### Exercise inputs
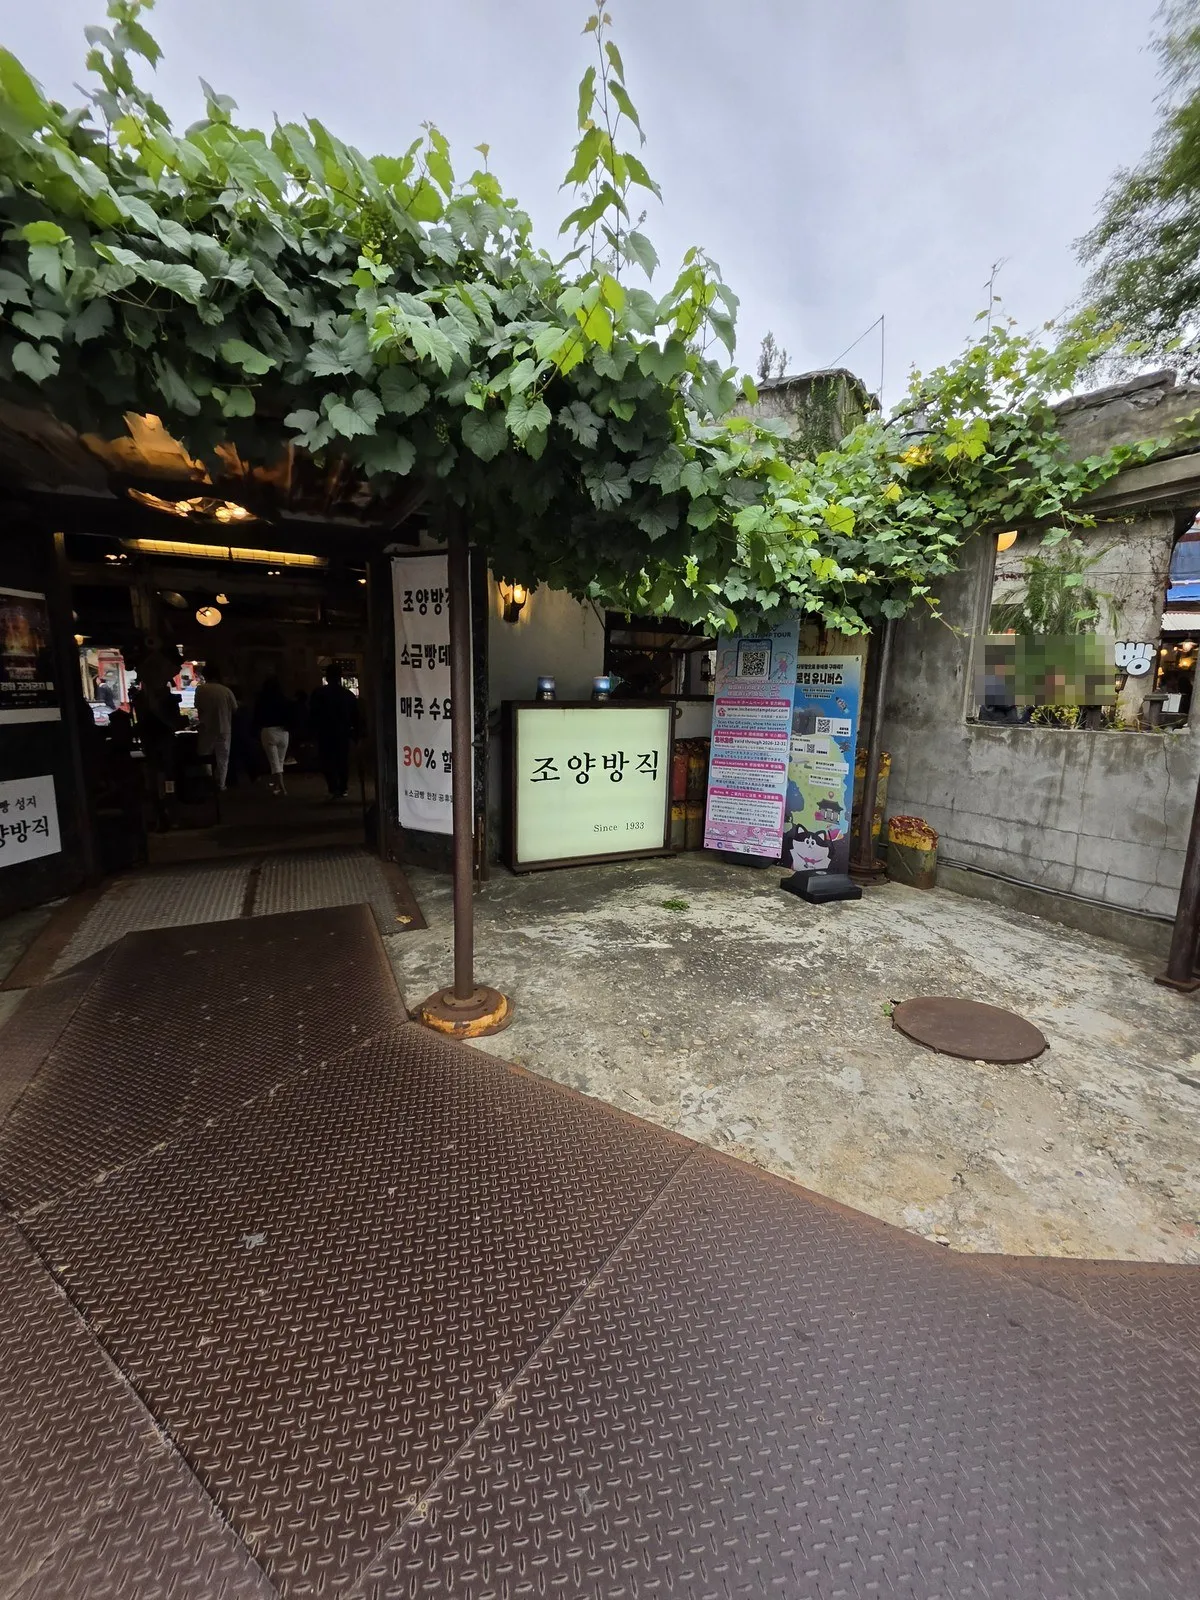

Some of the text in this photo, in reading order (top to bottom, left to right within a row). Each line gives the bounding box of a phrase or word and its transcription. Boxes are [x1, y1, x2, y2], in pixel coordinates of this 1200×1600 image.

[401, 644, 451, 670] 소금빵데
[1114, 642, 1157, 676] 빵
[796, 672, 811, 684] 로컬
[812, 672, 843, 685] 유니버스
[400, 697, 453, 720] 매주 수요
[403, 746, 436, 769] 30%
[530, 750, 658, 784] 조양방직
[15, 796, 36, 811] 성지
[593, 822, 645, 833] Since 1933
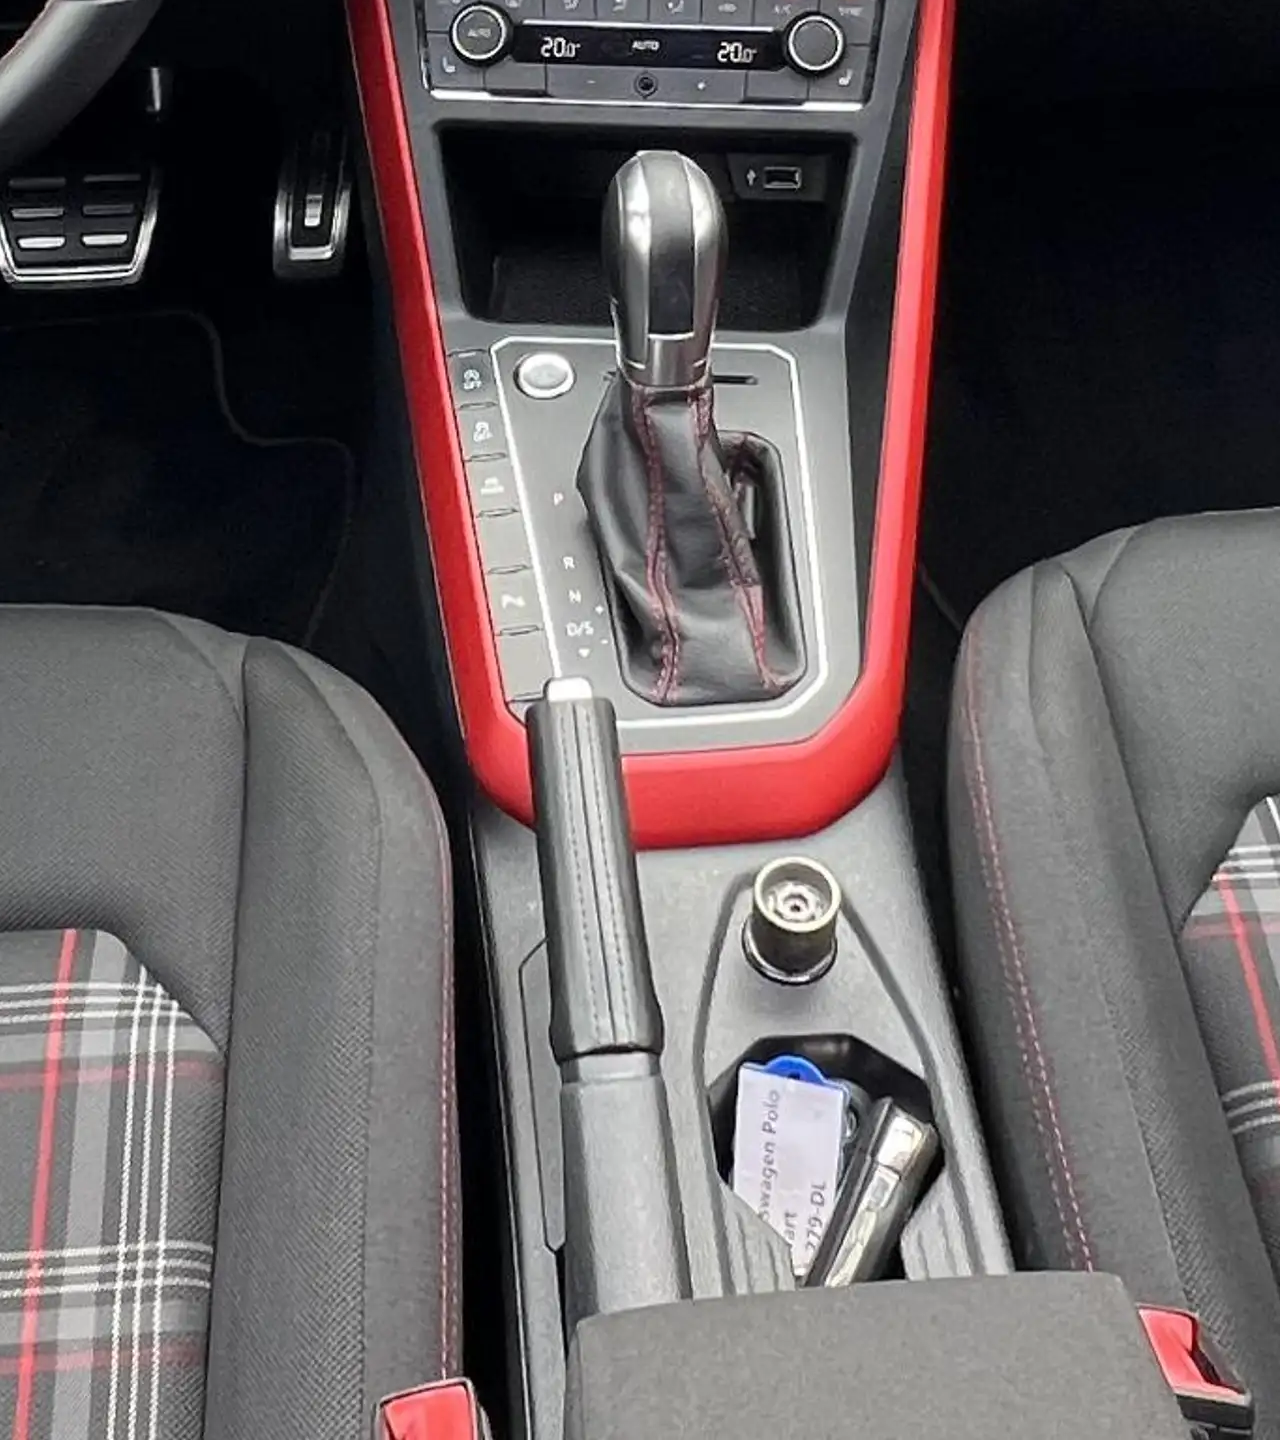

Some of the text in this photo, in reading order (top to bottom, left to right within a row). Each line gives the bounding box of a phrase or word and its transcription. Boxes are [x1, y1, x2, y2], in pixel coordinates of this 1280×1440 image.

### Prompt
Copy out all the records exactly as they read, and omit the pictures.

### Answer space
Some of the text in this photo, in reading order (top to bottom, left to right within a row). Each line gives the bounding box of a phrase or word and its transcription. Boxes are [x1, y1, x2, y2], in pixel coordinates of this 1200×1600 image.

[401, 644, 451, 670] 소금빵데
[1114, 642, 1157, 676] 빵
[796, 672, 811, 684] 로컬
[812, 672, 843, 685] 유니버스
[400, 697, 453, 720] 매주 수요
[403, 746, 436, 769] 30%
[530, 750, 658, 784] 조양방직
[15, 796, 36, 811] 성지
[593, 822, 645, 833] Since 1933

Some of the text in this photo, in reading order (top to bottom, left to right within a row). Each line gives the bounding box of a phrase or word and its transcription. Boxes are [x1, y1, x2, y2], in pixel coordinates of this 1280×1440 image.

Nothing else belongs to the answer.